The specialty paints are mold- and mildew-resistant, and they are 99.6 percent free of Volatile Organic Compounds, which combine with air to form ozone, said company rep Ron Hankinson. "It's good for people with allergies and anybody with respiratory problems," he said.
Companies such as Able Environments, LLC are also taking note of the potential market for aging customers, said Rick Spellman. "What we're trying to do is fill a void in the real-estate world," he said.
"Few new homes are built to aging-in-place standards," Spellman said. "We try to look for houses that can be remodeled." Work to make the homes senior- and handicapped-accessible includes such things as widening doorways and lowering kitchen counters for people who use wheelchairs, he said.
However, Spellman stressed, the remodeled homes don't look like handicapped housing. For example, he said, adding an alcove in a hallway allows people in wheelchairs to more easily turn corners, but the alcove looks like part of the home's design.
Tenhulzen Remodeling Inc. is taking the same approach, said Michael Tenhulzen, but there's a difference. He's a Certified Aging-in-Place Specialist (CAPS) and went through special training.
The National Association of Homebuilders got together with the American Association of Retired Persons to gauge the needs of aging Baby Boomers, Tenhulzen said of the reason the CAPS program was formed. "People who need assistance in their later years also want to keep their homes," he noted.

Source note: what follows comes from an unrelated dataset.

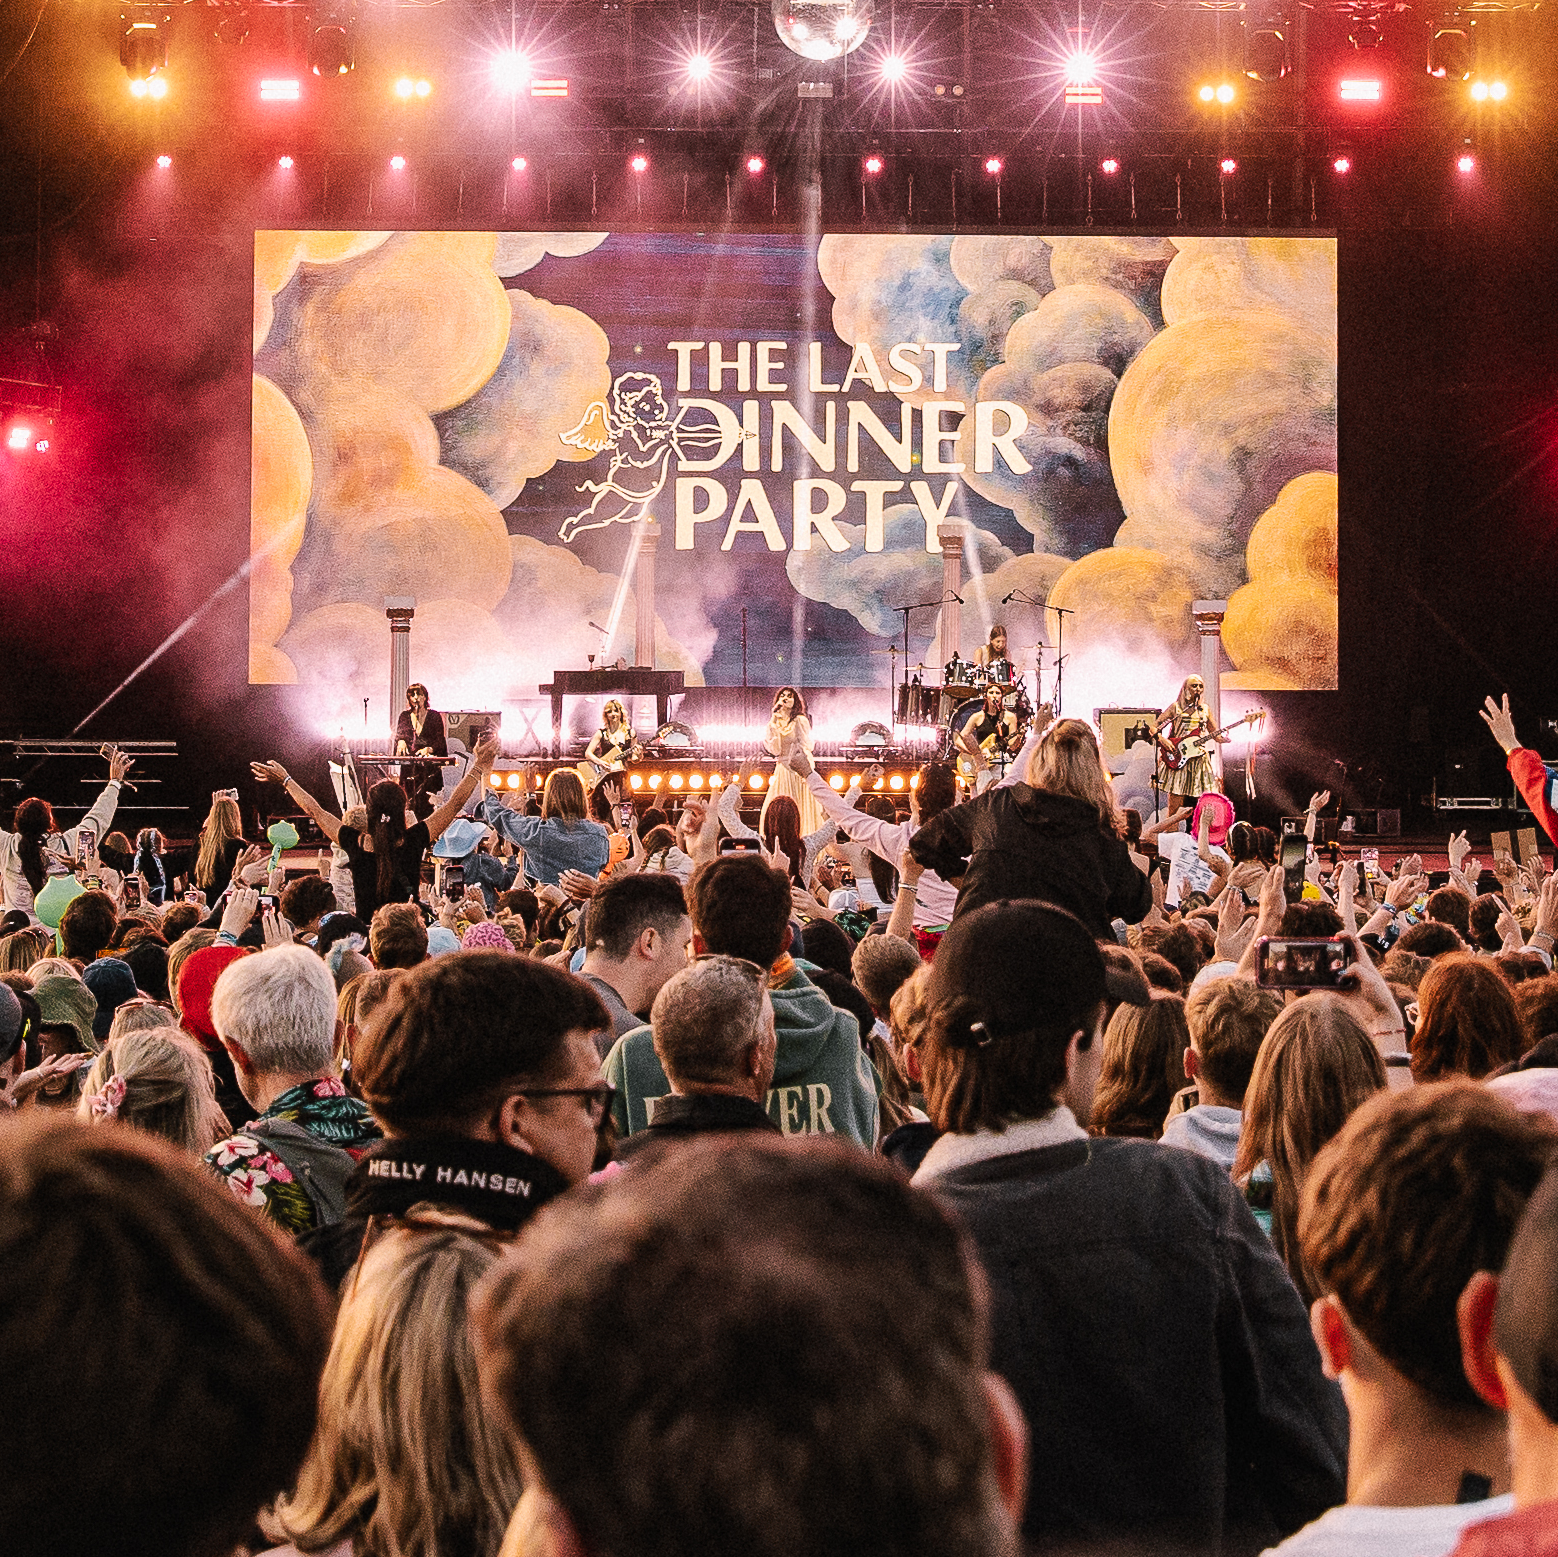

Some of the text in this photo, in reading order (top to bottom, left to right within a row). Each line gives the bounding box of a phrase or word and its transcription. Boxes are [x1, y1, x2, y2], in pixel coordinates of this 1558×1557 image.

Pete Downing from Ramp Arts was also at the resource fair. "We consider our [ramp] systems to be durable goods, as opposed to home renovations," he said. Downing also wondered why doctors will prescribe wheelchairs, but not ramps for disabled patients.
Financing for ramps can be provided by Labor and Industries, the Veterans Administration, the city and DSHA, he said. "Sometimes they provide part of the funding; sometime they provide all of the funding."
Some homes are built with spaces that can be used later to install an elevator, said Spellman from Able Environments. But most aren't, noted Bud Conry, a rep from American Elevator Corp.
"Pretty much we can accommodate any kind of disability, inside of out," he said of a range of products that can include stair lifts, wheelchair elevators and even dumb waiters. "We can suit just about anybody's budget."